São revelações de quem esteve na primeira fila a assistir ao desenrolar das negociações entre a Grécia e o Eurogrupo, ao mesmo tempo que ajudava Yanis Varoufakis a desenhar um plano B, caso os gregos optassem (ou fossem empurrados) para um grexit. James Kenneth Galbraith, economista e amigo do ex-ministro das Finanças, conta o que esteve sempre em causa nos bastidores do Eurogrupo: Wolfgang Schäuble nunca aceitou aceder às exigências dos gregos, não por acreditar no programa económico traçado para Atenas, mas porque não poderia admitir fazer “concessões a um país”. O preço? Schäuble e a Alemanha “perderiam o controlo” da Zona Euro.

Em entrevista à Bloomberg, Galbraith garante que Varoufakis e Schäuble têm uma “boa relação pessoal” e que nunca foi esse o grão de areia na engrenagem das negociações. A Grécia, diz o norte-americano, viu-se envolvida num diferendo entre “a Alemanha e a França sobre questões estruturais da economia francesa”. E com essas duas visões diferentes para o futuro da economia europeia em jogo, os alemães nunca poderiam fazer concessões.
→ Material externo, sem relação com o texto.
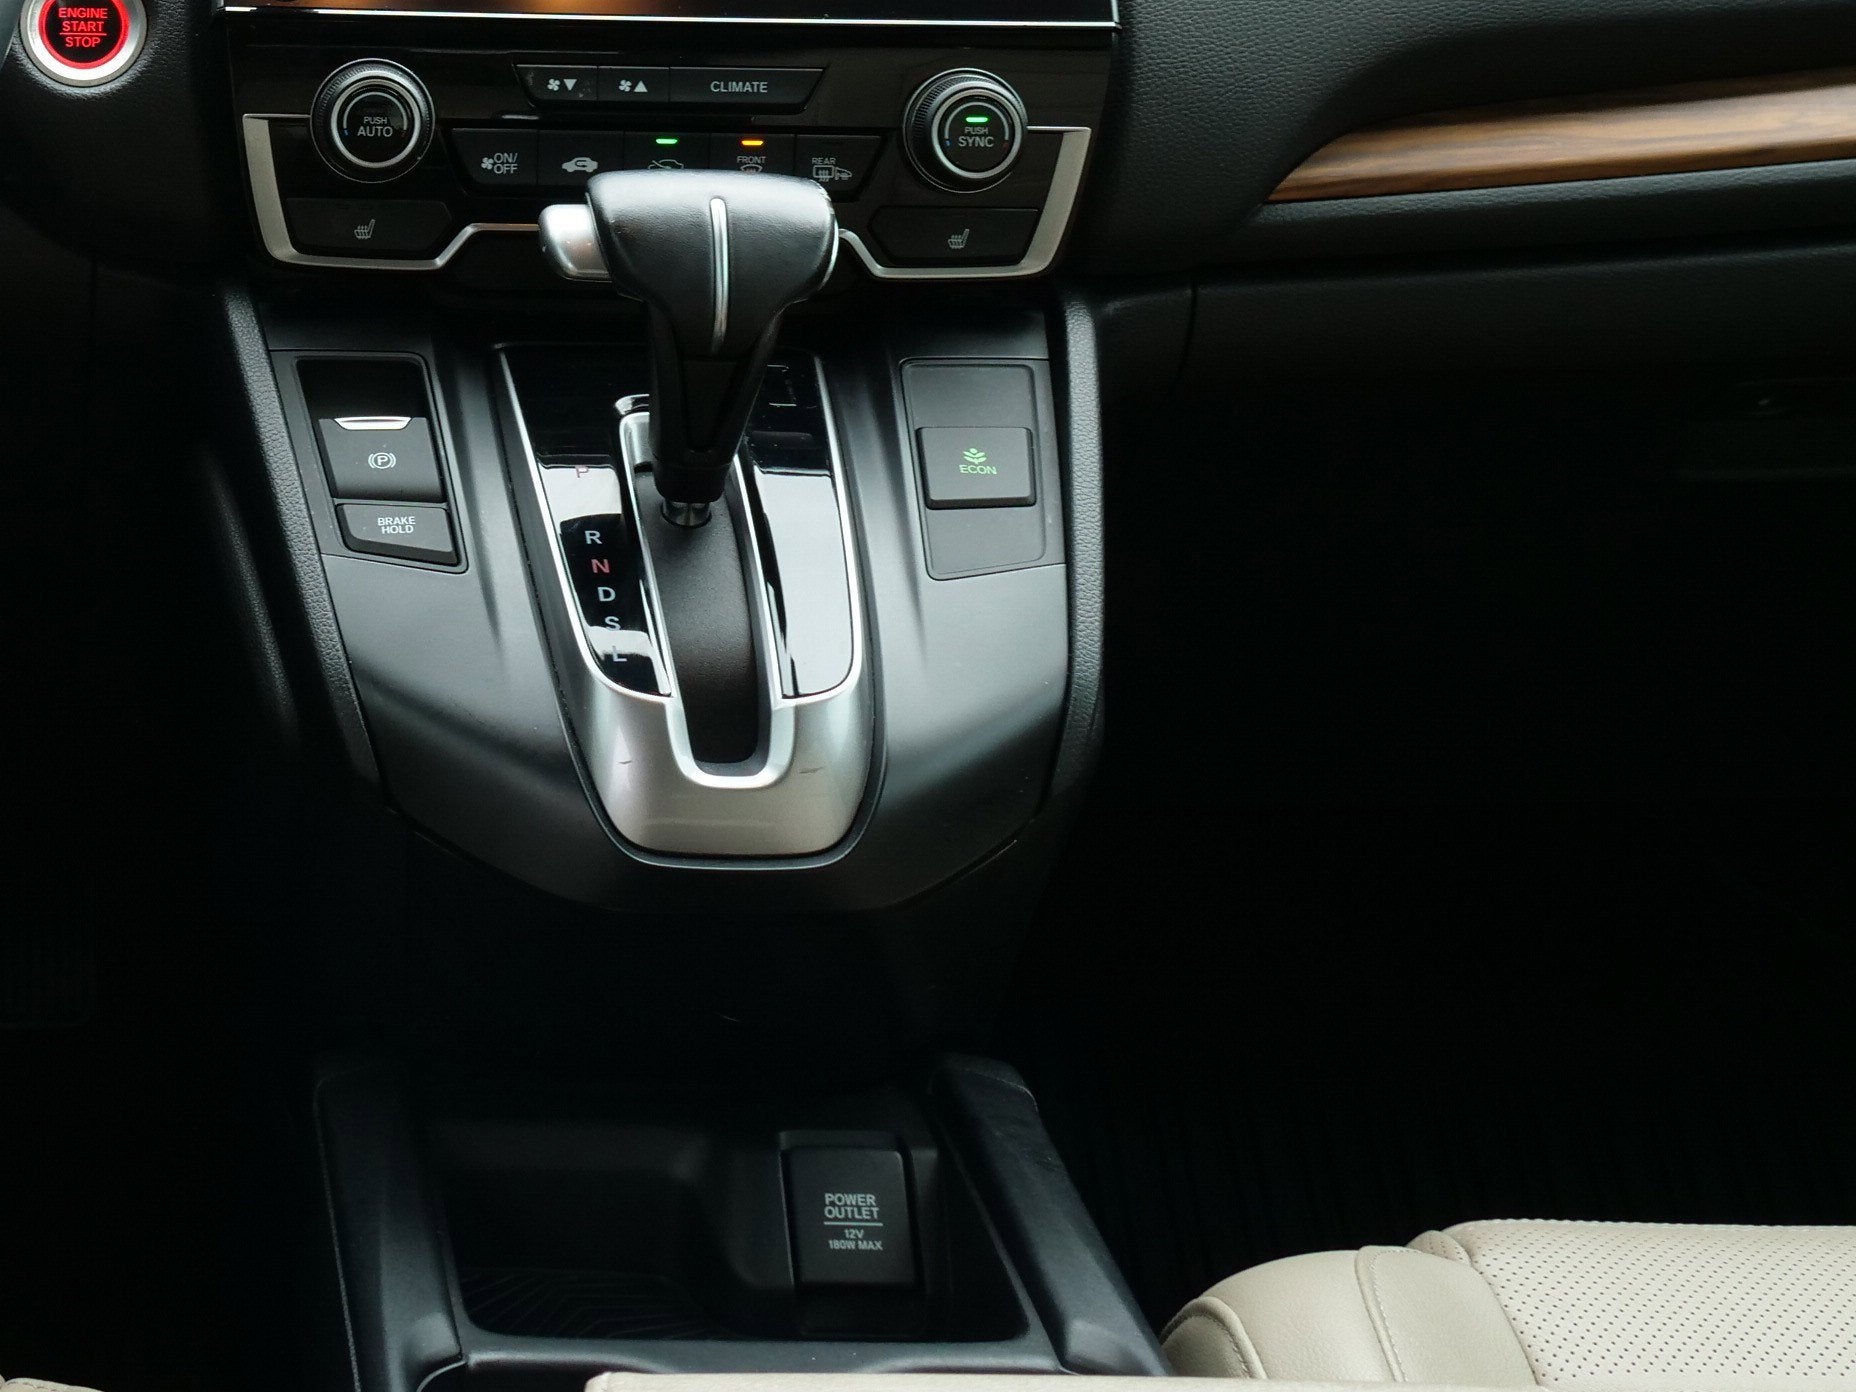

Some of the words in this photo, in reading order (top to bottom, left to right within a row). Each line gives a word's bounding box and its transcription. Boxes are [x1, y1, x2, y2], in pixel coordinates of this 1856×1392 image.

[58, 7, 109, 19] ENGINE
[62, 20, 105, 32] START
[65, 36, 101, 48] STOP
[710, 80, 769, 93] CLIMATE
[363, 116, 388, 125] PUSH
[357, 126, 393, 138] AUTO
[964, 126, 989, 135] PUSH
[958, 136, 994, 148] SYNC
[493, 152, 519, 164] ON/
[736, 155, 767, 164] FRONT
[811, 157, 837, 165] REAR
[493, 163, 518, 175] OFF
[958, 464, 998, 475] ECON
[377, 516, 416, 526] BRAKE
[381, 524, 414, 535] HOLD
[584, 530, 603, 545] R
[591, 559, 611, 574] N
[597, 586, 616, 602] D
[604, 616, 621, 631] S
[824, 1192, 877, 1206] POWER
[824, 1205, 880, 1220] OUTLET
[844, 1228, 865, 1239] 12V
[858, 1240, 884, 1251] MAX
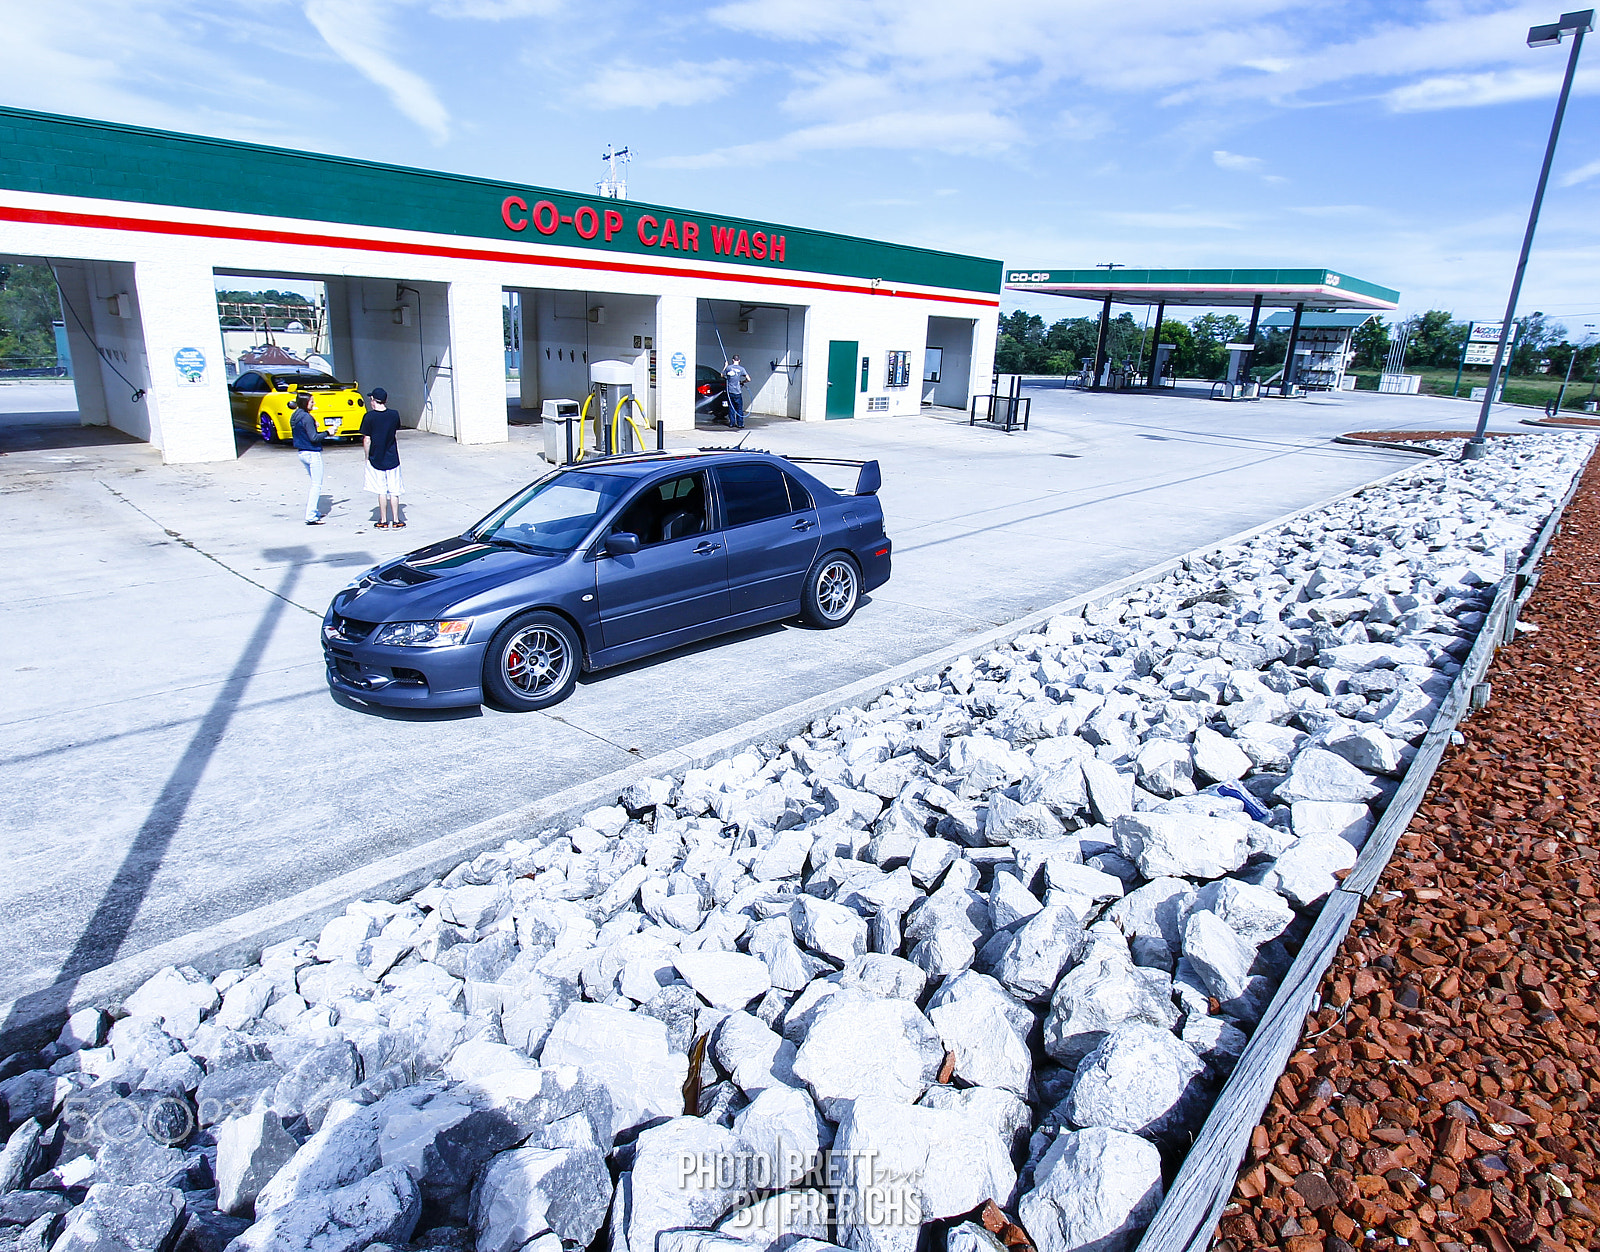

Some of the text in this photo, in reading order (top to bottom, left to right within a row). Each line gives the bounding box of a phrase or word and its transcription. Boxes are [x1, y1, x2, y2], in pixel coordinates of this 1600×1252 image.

[501, 195, 786, 262] CO-OP CAR WASH
[1010, 272, 1050, 282] CO-OP
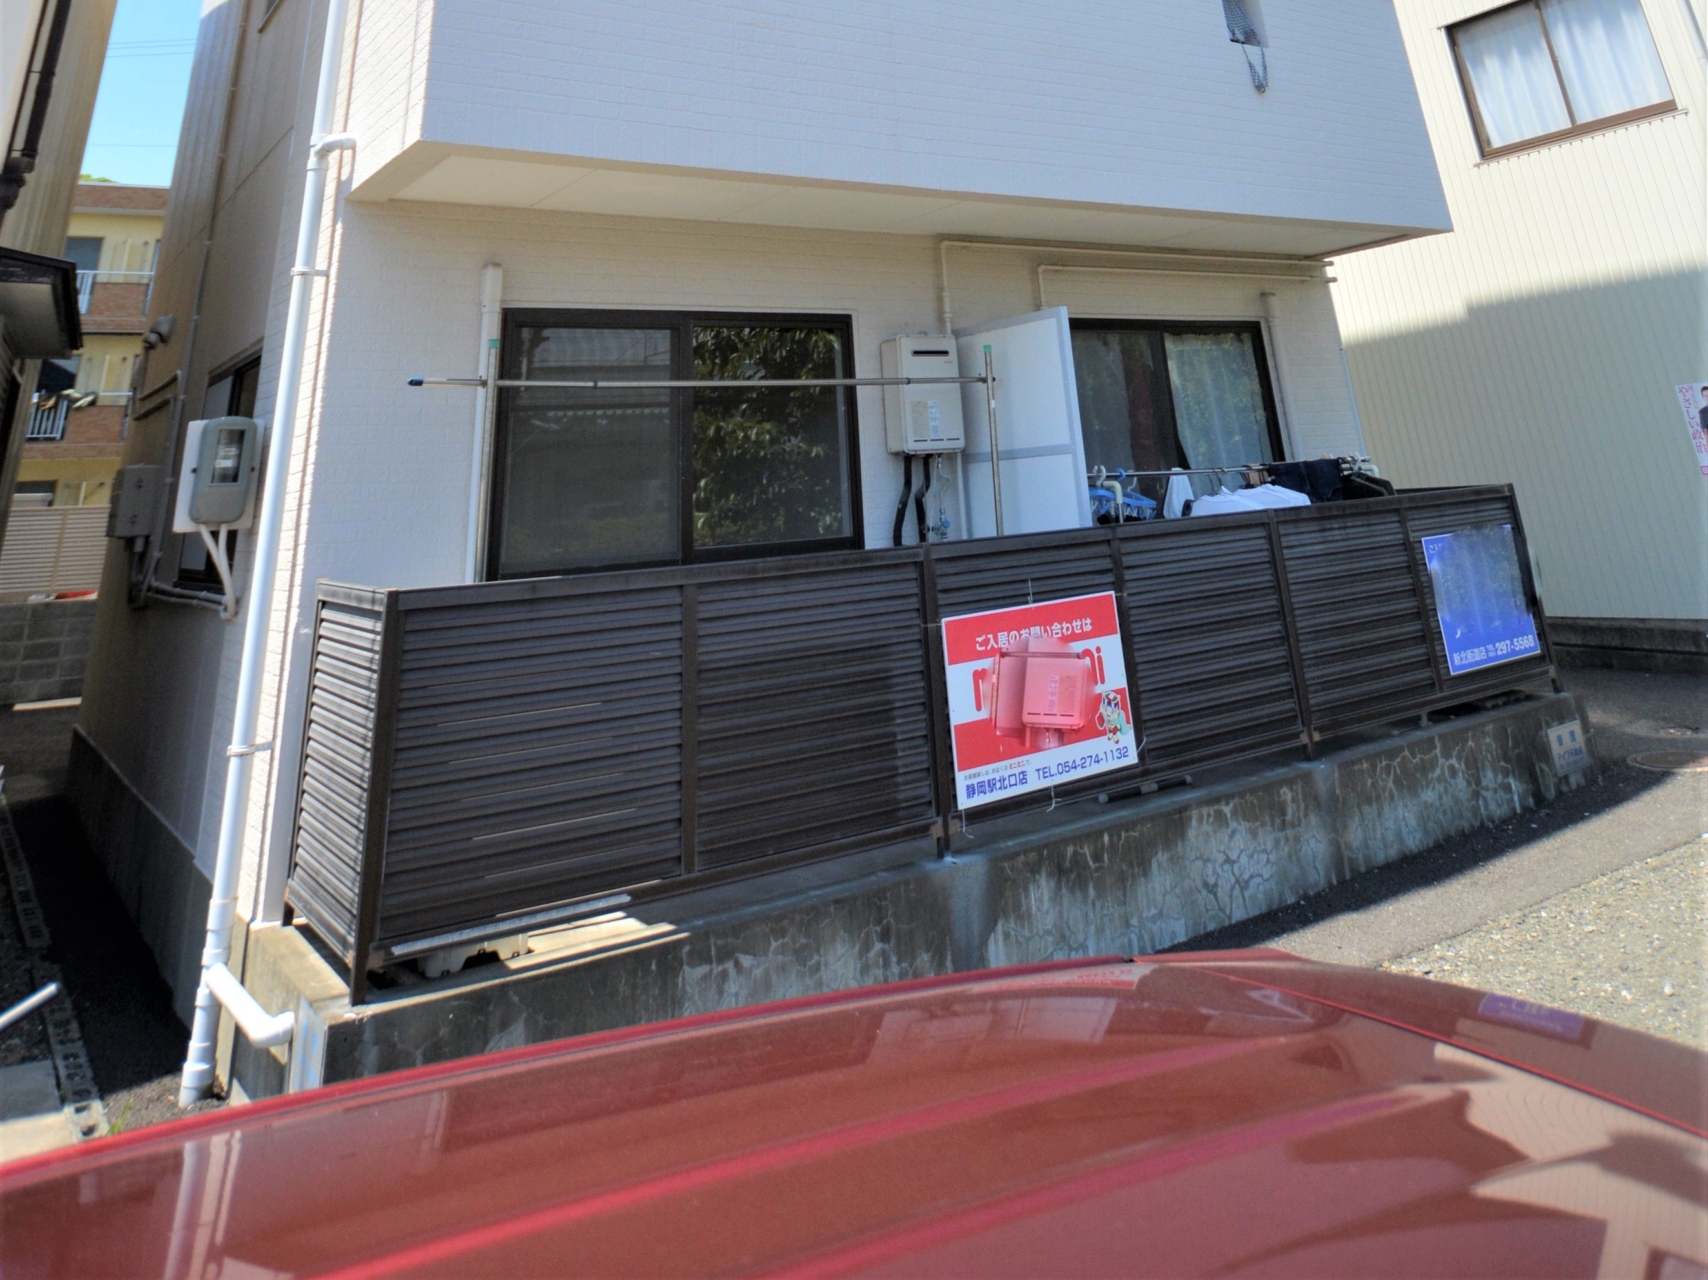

O economista adiantou ainda que ajudou Varoufakis a desenhar um plano B para o futuro da Grécia longe do Euro. Não aquele que passaria por fazer hacking (intrusão de sistemas informáticos) das informações fiscais dos contribuintes e das empresas, como entretanto foi tornado público, mas sim, um que permitisse a criação de um “sistema de pagamentos” capaz de ser implementado com rapidez, que permitisse garantir o pagamento das pensões e que ajudasse a resolver a fragilidade da moeda grega, caso Atenas fosse forçada “a situações extremas”.

O economista, que em abril, em entrevista ao Observador, já tinha revelado alguns detalhes sobre as negociações entre gregos e credores, explicou também como, um a um, Tsipras e Varoufakis foram cedendo em todos os pontos de honra. Até à rutura que esteve na origem do referendo. Primeiro, foram obrigados a fazer “concessões nas linhas principais do programa fiscal”, até serem confrontados com novas imposições no que diz respeito ao sistema de pensões e na organização do mercado laboral. “A estratégia dos credores europeus era não ceder em absolutamente nada. Essa estratégia tornou-se clara no final do jogo”, acrescentou Galbraith, antes de defender que só uma renegociação da dívida pública grega pode estacar verdadeiramente a crise.